Un roman mélancolique : L’allègement des vernis, de Paul Saint Bris

en espagnol

Ce premier roman de Paul Saint Bris (reçu en service de presse) peut bien sûr se lire comme un roman, un peu thriller, un peu documentaire, et beaucoup satire. Faut-il alléger les vernis de la Joconde ? On a droit à de savantes et utiles explications sur la restauration des tableaux, à un peu d’histoire de l’art (mais on en apprend plus sur Andrea del Sarto que sur Leonard de Vinci), et surtout à une description cynique et fort réaliste, non seulement de la direction du Louvre, mais plus largement du petit monde mesquin des conservateurs et des fonctionnaires de la culture : c’est assez réjouissant. On s’y moque même de McKinsey et de Macron. L’intrigue se déroule, plus ou moins crédible, avec des personnages parfois fort étranges, tels Homero, technicien de surface, danseur frustré et amoureux de la Joconde (qui contribue à une fin tout à fait irréaliste, mais ce n’est pas grave). C’est plutôt bien écrit, et même l’unique scène de cul (pp. 284-287) est plus inspirante que la moyenne (« il parcourut ses ovales et ses longueurs »).

Mais tout cela ne serait que moyennement intéressant n’était la personnalité d’Aurélien, le directeur du département des peintures du Louvre. Non pas tant ses états d’âme face à sa féroce présidente très « start-up nation » ou face au restaurateur machiavélique, que son inadéquation totale au monde d’aujourd’hui, au déferlement des images, à l’inculture, en particulier religieuse (rien à voir avec la foi : je suis athée, mais choqué que mes petits-enfants ne sachent pas qui est Jean-Baptiste), à la disparition projetée du livre en papier, à la projection d’un regard contemporain sur des oeuvres anciennes (« une succession de viols et de persécution des minorités, d’oppression patriarcale, de male gaze » p. 100), voire à la déstabilisation des sens causée par l’absence de soutien-gorge (p. 143).

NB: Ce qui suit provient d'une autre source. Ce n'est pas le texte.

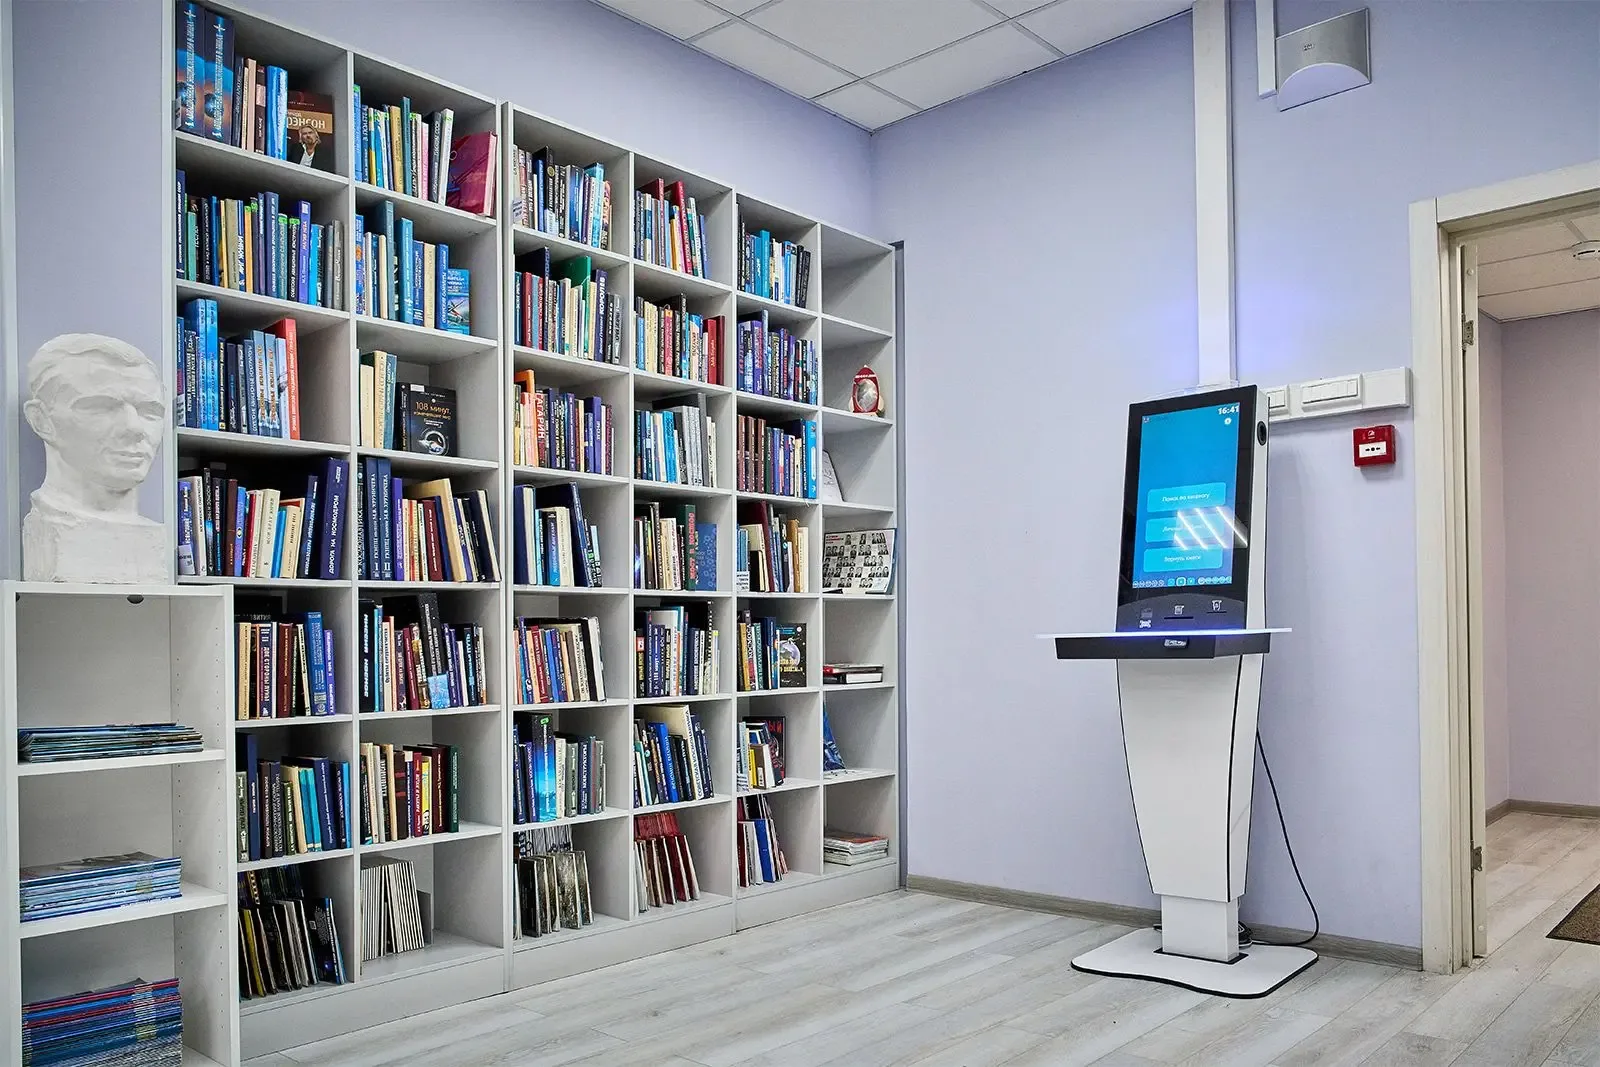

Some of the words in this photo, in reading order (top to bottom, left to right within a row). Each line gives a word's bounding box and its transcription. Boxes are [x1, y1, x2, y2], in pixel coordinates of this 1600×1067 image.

[286, 116, 326, 129] РЭНСОН
[416, 401, 429, 411] 108
[535, 393, 545, 439] ГАГАРИН
[1218, 406, 1239, 415] 16:41
[1162, 494, 1178, 502] Поиск
[330, 494, 339, 536] КОСМОДРОМ
[329, 538, 336, 548] НА
[262, 655, 270, 682] СТОРОНЫ
[262, 682, 270, 702] ЛУНЫ
[685, 710, 697, 763] КОСМОНАВТИКА
[692, 763, 702, 797] СОВЕТСКАЯ

Aurélien « était entré au Louvre pour sa propre protection, pour se mettre à l’abri d’un monde changeant » (p. 61), il « ne se sentait heureux que dans le silence du musée et la bienveillante compagnie des oeuvres » (p. 97). Il se voit comme un vestige. Je n’ai pas un centième de sa culture et de ses compétences, et j’ai fait bien des choses actives dans ma vie d’avant. Mais la lecture de ce livre me fait ressentir, comme lui, une certaine nostalgie d’un passé révolu (boomer, etc.), et c’est pour moi la qualité première de ce roman.

« Il y a un moment — et il vient assez vite — où vous ne savez pas qui est le groupe qui s’affiche en lettres rouges au fronton de l’Olympia. Vous n’en avez jamais entendu parler et vous vous en foutez royalement. Il y a un moment où le visage de l’égérie Chanel en quatre par trois dans le métro ne provoque aucun stimulus dans votre cerveau si ce n’est une admiration distraite pour la symétrie de ses traits. Vous ne le reconnaissez pas. Néant. Il y a un moment où des pans entiers du langage vous échappent. Il y a un moment encore où les jeunes générations vous semblent déguisées dans la rue. Vous les regardez, amusé, comme un sujet exotique plaisant et lointain. Arrive ce moment où vous vous rendez-compte que vous vous êtes lentement extrait du bruit du monde. Que vous vivez dans le confort d’une réalité parallèle, votre propre réalité, figée, façonnée selon vos goûts et vos envies, mais hermétique aux pulsions de la société. » (p. 76)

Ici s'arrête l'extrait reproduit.